(Stored dataset items)
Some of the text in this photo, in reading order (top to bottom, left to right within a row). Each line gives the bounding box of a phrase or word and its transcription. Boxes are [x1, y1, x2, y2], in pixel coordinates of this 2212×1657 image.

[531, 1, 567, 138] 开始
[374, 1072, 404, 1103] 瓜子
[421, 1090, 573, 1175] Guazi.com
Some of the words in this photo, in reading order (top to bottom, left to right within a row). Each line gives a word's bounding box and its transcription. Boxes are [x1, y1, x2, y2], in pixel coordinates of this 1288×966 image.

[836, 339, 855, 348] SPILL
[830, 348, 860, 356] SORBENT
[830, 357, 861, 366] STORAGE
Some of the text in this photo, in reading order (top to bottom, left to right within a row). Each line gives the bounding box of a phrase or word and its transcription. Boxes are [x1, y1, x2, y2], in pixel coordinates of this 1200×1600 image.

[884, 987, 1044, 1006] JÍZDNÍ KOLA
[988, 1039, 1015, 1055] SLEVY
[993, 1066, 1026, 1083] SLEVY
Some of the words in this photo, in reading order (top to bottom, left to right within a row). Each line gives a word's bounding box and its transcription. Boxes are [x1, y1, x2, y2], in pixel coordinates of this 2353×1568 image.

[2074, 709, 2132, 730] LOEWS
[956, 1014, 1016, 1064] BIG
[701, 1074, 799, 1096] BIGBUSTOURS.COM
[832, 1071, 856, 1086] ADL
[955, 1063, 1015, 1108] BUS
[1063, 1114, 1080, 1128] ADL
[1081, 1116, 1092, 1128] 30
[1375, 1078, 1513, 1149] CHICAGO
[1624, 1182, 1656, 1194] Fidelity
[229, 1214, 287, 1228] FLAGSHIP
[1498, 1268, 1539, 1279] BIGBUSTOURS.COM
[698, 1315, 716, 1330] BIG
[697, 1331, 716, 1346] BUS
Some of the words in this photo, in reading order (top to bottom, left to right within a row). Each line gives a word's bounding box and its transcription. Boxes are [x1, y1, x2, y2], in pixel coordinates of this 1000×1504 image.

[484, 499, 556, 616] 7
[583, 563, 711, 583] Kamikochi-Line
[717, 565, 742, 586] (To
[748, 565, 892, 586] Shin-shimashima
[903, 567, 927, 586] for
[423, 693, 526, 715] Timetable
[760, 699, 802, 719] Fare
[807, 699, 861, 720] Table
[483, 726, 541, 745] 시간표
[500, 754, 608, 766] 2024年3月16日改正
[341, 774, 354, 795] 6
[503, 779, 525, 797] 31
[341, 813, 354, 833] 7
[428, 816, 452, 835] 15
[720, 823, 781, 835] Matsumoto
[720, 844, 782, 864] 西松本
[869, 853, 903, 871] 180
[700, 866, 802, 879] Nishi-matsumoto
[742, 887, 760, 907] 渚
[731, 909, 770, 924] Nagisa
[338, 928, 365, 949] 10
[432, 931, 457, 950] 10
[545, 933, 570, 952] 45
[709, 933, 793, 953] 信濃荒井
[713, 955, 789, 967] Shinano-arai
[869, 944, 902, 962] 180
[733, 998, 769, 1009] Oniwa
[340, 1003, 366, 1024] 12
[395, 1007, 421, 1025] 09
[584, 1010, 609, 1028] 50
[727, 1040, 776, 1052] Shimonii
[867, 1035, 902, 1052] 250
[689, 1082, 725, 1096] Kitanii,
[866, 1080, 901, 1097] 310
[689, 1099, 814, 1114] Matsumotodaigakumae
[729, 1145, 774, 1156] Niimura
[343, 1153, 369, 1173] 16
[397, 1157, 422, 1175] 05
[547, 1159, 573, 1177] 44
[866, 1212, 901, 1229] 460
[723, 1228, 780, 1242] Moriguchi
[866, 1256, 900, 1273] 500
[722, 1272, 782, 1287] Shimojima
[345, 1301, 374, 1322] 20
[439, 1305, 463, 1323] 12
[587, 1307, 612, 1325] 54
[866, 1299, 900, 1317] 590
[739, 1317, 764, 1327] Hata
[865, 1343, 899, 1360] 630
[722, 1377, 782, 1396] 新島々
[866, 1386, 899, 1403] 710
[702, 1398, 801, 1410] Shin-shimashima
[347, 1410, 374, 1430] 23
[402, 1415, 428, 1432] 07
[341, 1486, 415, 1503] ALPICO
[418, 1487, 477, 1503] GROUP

WORK TASK - The data given above must be transcribed exactly and completely.

TASK RESULT -
Some of the text in this photo, in reading order (top to bottom, left to right within a row). Each line gives the bounding box of a phrase or word and its transcription. Boxes are [x1, y1, x2, y2], in pixel coordinates of this 2212×1657 image.

[531, 1, 567, 138] 开始
[374, 1072, 404, 1103] 瓜子
[421, 1090, 573, 1175] Guazi.com
Some of the words in this photo, in reading order (top to bottom, left to right within a row). Each line gives a word's bounding box and its transcription. Boxes are [x1, y1, x2, y2], in pixel coordinates of this 1288×966 image.

[836, 339, 855, 348] SPILL
[830, 348, 860, 356] SORBENT
[830, 357, 861, 366] STORAGE
Some of the text in this photo, in reading order (top to bottom, left to right within a row). Each line gives the bounding box of a phrase or word and its transcription. Boxes are [x1, y1, x2, y2], in pixel coordinates of this 1200×1600 image.

[884, 987, 1044, 1006] JÍZDNÍ KOLA
[988, 1039, 1015, 1055] SLEVY
[993, 1066, 1026, 1083] SLEVY
Some of the words in this photo, in reading order (top to bottom, left to right within a row). Each line gives a word's bounding box and its transcription. Boxes are [x1, y1, x2, y2], in pixel coordinates of this 2353×1568 image.

[2074, 709, 2132, 730] LOEWS
[956, 1014, 1016, 1064] BIG
[701, 1074, 799, 1096] BIGBUSTOURS.COM
[832, 1071, 856, 1086] ADL
[955, 1063, 1015, 1108] BUS
[1063, 1114, 1080, 1128] ADL
[1081, 1116, 1092, 1128] 30
[1375, 1078, 1513, 1149] CHICAGO
[1624, 1182, 1656, 1194] Fidelity
[229, 1214, 287, 1228] FLAGSHIP
[1498, 1268, 1539, 1279] BIGBUSTOURS.COM
[698, 1315, 716, 1330] BIG
[697, 1331, 716, 1346] BUS
Some of the words in this photo, in reading order (top to bottom, left to right within a row). Each line gives a word's bounding box and its transcription. Boxes are [x1, y1, x2, y2], in pixel coordinates of this 1000×1504 image.

[484, 499, 556, 616] 7
[583, 563, 711, 583] Kamikochi-Line
[717, 565, 742, 586] (To
[748, 565, 892, 586] Shin-shimashima
[903, 567, 927, 586] for
[423, 693, 526, 715] Timetable
[760, 699, 802, 719] Fare
[807, 699, 861, 720] Table
[483, 726, 541, 745] 시간표
[500, 754, 608, 766] 2024年3月16日改正
[341, 774, 354, 795] 6
[503, 779, 525, 797] 31
[341, 813, 354, 833] 7
[428, 816, 452, 835] 15
[720, 823, 781, 835] Matsumoto
[720, 844, 782, 864] 西松本
[869, 853, 903, 871] 180
[700, 866, 802, 879] Nishi-matsumoto
[742, 887, 760, 907] 渚
[731, 909, 770, 924] Nagisa
[338, 928, 365, 949] 10
[432, 931, 457, 950] 10
[545, 933, 570, 952] 45
[709, 933, 793, 953] 信濃荒井
[713, 955, 789, 967] Shinano-arai
[869, 944, 902, 962] 180
[733, 998, 769, 1009] Oniwa
[340, 1003, 366, 1024] 12
[395, 1007, 421, 1025] 09
[584, 1010, 609, 1028] 50
[727, 1040, 776, 1052] Shimonii
[867, 1035, 902, 1052] 250
[689, 1082, 725, 1096] Kitanii,
[866, 1080, 901, 1097] 310
[689, 1099, 814, 1114] Matsumotodaigakumae
[729, 1145, 774, 1156] Niimura
[343, 1153, 369, 1173] 16
[397, 1157, 422, 1175] 05
[547, 1159, 573, 1177] 44
[866, 1212, 901, 1229] 460
[723, 1228, 780, 1242] Moriguchi
[866, 1256, 900, 1273] 500
[722, 1272, 782, 1287] Shimojima
[345, 1301, 374, 1322] 20
[439, 1305, 463, 1323] 12
[587, 1307, 612, 1325] 54
[866, 1299, 900, 1317] 590
[739, 1317, 764, 1327] Hata
[865, 1343, 899, 1360] 630
[722, 1377, 782, 1396] 新島々
[866, 1386, 899, 1403] 710
[702, 1398, 801, 1410] Shin-shimashima
[347, 1410, 374, 1430] 23
[402, 1415, 428, 1432] 07
[341, 1486, 415, 1503] ALPICO
[418, 1487, 477, 1503] GROUP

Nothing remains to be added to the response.